Everyone in your pipeline is not the same, so don't treat them the same. You have a different relationship with each one of them, and it's constantly changing. You can greatly improve your effectiveness by simply segregating your contacts into unique categories that identify the nature of your relationship and subsequent activities.
Here are the five lists every salesperson should have:
1. Customer list. This is your best list. The people who buy from you are the most likely to help you win additional business, provide referrals, and give testimonials. You should know their industry, size of business, buying motives, buying habits, your value to them, and opportunities to upsell and leverage new relationships.
Tip: I send a custom-labeled tin of the most delicious cookies to anyone who sends me a referral who ultimately buys from me. This simple gesture of gratitude has yielded many new customers.
2. Cold call list. This list contains the contact information of the businesses that fit your target market but have never bought from you before. The demographic information should match your best customers to increase your contact to first appointment ratio. Contacting organizations that fall within your ideal customer profile yields the best cold call results.
Tip: Focus your prospecting efforts on people or organizations with as many shared demographic elements as possible (industry, title, number of employees, etc.), since people prefer to buy from salespeople who have experience serving in their industry.
3. Pipeline list. These are people with whom you are actively engaged in the sales process. They have some characteristics of a qualified buyer and will possibly close within your current quota cycle. Don't confuse these with the nurture list contacts, because these buyers have a definitive purchase or delivery date.
Tip: Never over-exaggerate a prospect. I live by "reality-based" pipeline management. If the prospects aren't qualified, don't push them higher up the list. Rigorously qualify every sales opportunity so you don't get burned at the end of the month when a deal does not close.
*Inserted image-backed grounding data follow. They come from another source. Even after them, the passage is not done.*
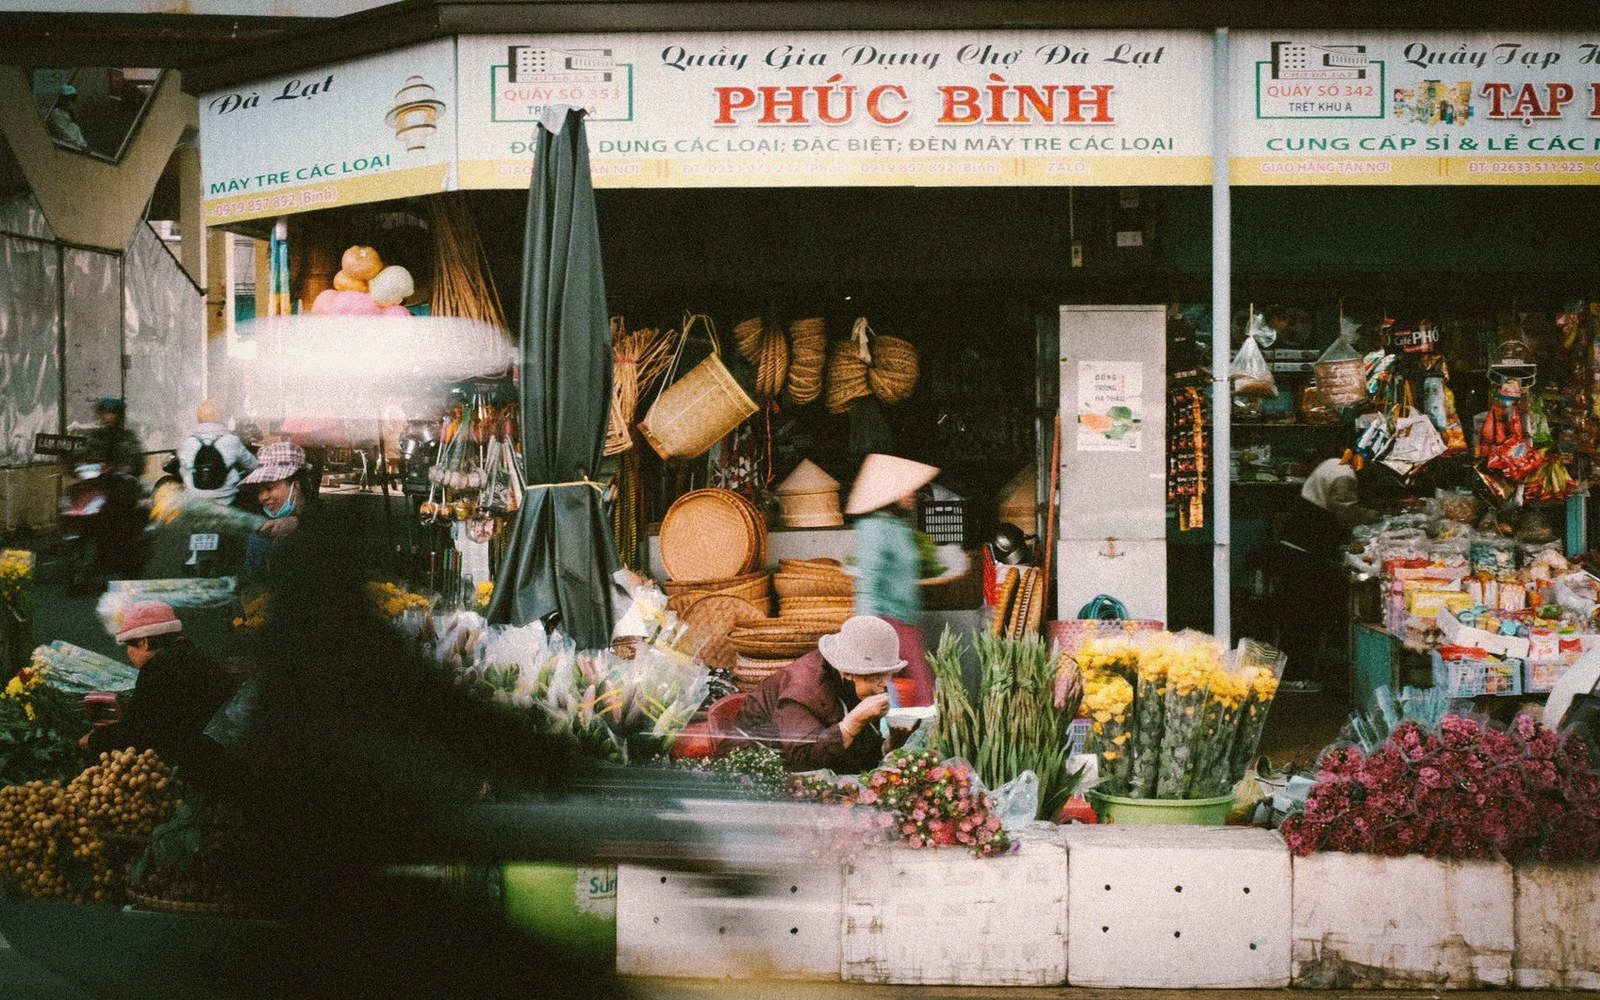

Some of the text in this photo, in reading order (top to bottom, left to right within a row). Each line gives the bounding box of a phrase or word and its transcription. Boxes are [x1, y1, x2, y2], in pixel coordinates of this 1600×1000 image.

[661, 43, 1165, 72] Quầy Gia Dụng Chợ Đà Lạt
[1404, 42, 1488, 69] Quầy
[1495, 42, 1561, 69] Tạp
[209, 75, 334, 115] Đà Lạt
[713, 72, 1116, 125] PHÚC BÌNH
[1267, 82, 1374, 98] QUẦY SỐ 342
[590, 105, 598, 115] A
[1318, 101, 1342, 112] KHU
[1344, 101, 1353, 112] A
[1481, 82, 1575, 127] TẠP
[600, 139, 667, 156] DỤNG
[674, 136, 725, 152] CÁC
[792, 136, 839, 156] ĐẶC
[909, 135, 957, 151] ĐÈN
[964, 136, 1015, 151] MÂY
[1020, 137, 1062, 151] TRE
[1069, 134, 1117, 151] CÁC
[1121, 137, 1174, 154] LOẠI
[1266, 137, 1350, 151] CUNG
[1359, 133, 1417, 151] CẤP
[1458, 137, 1480, 151] &
[1488, 133, 1519, 151] LẺ
[1527, 134, 1585, 151] CÁC
[210, 153, 391, 195] MÂY TRE CÁC LOẠI
[1262, 162, 1294, 173] GIAO
[1297, 160, 1335, 173] HÀNG
[1492, 162, 1531, 173] 02633
[1535, 162, 1557, 173] 511
[1561, 162, 1584, 173] 925
4. Referral list. This is a list of your referral partners. Don't confuse these with customers who provide you with referrals. The people on this list work in complimentary industries where it's mutually beneficial to share leads and customers. Discuss with your referral partners what a qualified buyer is for each of you, so everyone understands who is a good prospect and who is not.
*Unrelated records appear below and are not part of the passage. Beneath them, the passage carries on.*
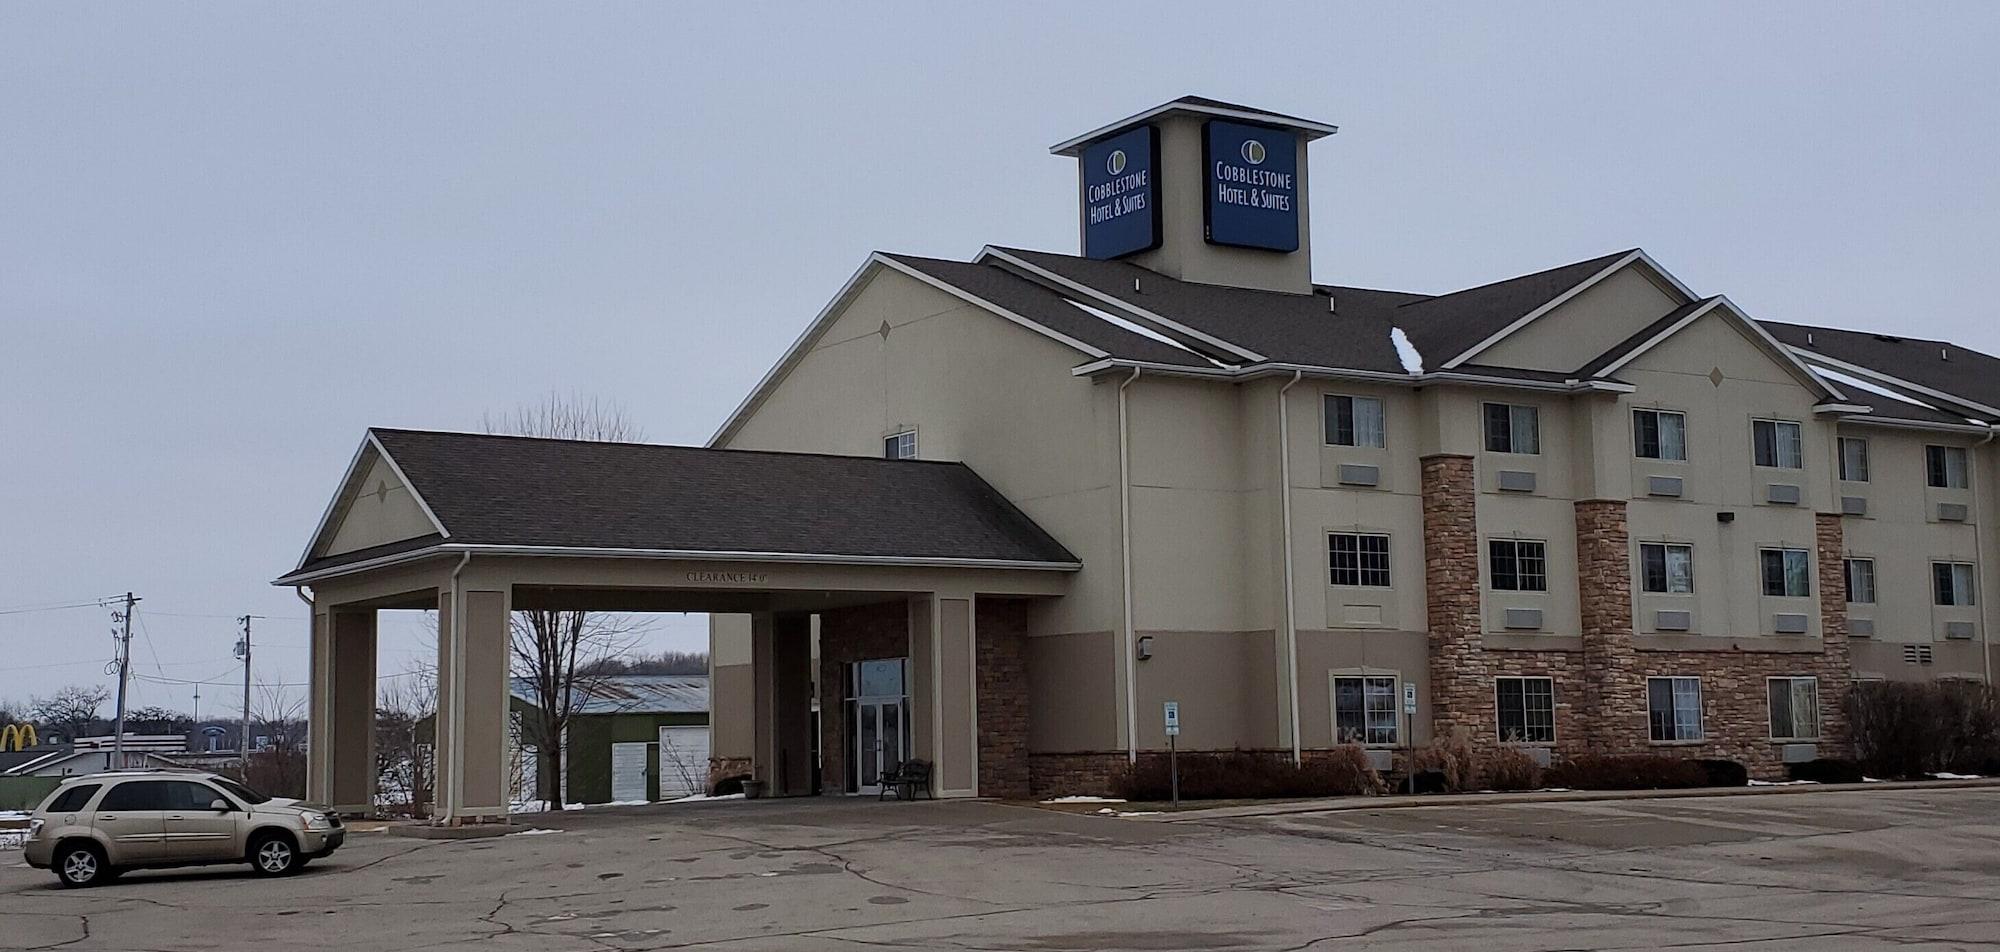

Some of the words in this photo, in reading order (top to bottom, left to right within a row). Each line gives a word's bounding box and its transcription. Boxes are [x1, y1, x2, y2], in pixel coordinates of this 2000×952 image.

[1088, 169, 1147, 204] COBBLESTONE
[1216, 160, 1292, 190] COBBLESTONE
[1090, 202, 1114, 225] HOTEL
[1114, 198, 1122, 217] &
[1122, 192, 1146, 215] SUITES
[1218, 183, 1249, 206] HOTEL
[1250, 188, 1260, 207] &
[1260, 189, 1290, 211] SUITES
[686, 571, 745, 583] CLEARANCE
Tip: Meet regularly with your referral partners and keep a record of their ideal customer profiles. You gain a lot of credibility with buyers when you can offer legitimate resources that help solve their most pressing issues.
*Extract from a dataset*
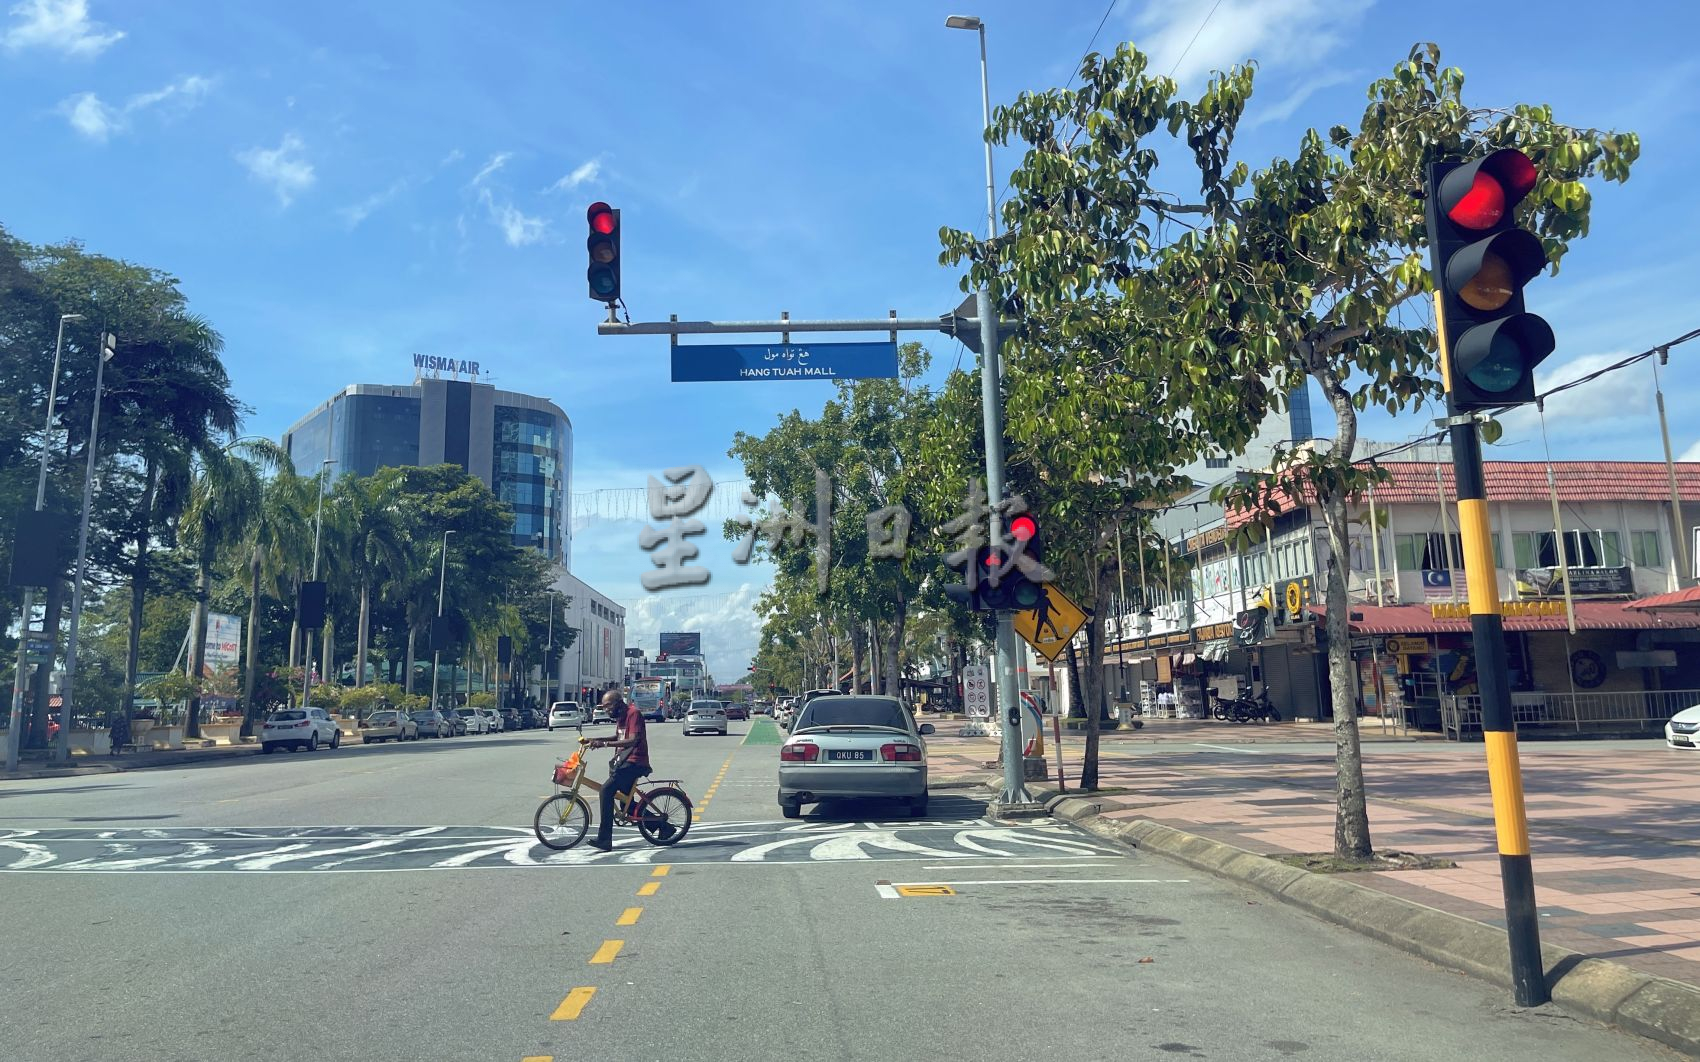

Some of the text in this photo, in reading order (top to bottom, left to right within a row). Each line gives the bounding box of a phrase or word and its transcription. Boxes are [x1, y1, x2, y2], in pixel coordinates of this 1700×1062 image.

[413, 353, 480, 375] WISMA AIR
[740, 367, 836, 377] HANG TUAH MALL
[836, 751, 865, 760] QKU 85
5. Nurture list. This list consists of people who are not ready to buy right now, so you must stay in contact with them over an extended period of time. They require a "touch" program, so that you stay top of consciousness when they are ready to make a purchase at some future date. A good, yet simple to use, CRM program can help you do this.
Tip: I love newsletters, blog posts, Twitter updates, etc. Anything that is simple to do to stay relevant to a buyer. I had a prospect who received my newsletter for three years before he bought. Let technology manage the process for you, and move on to the next opportunity!
Organize your contacts into these five categories and you'll gain a sharper focus in prioritizing your sales activities--and earn more sales as a result.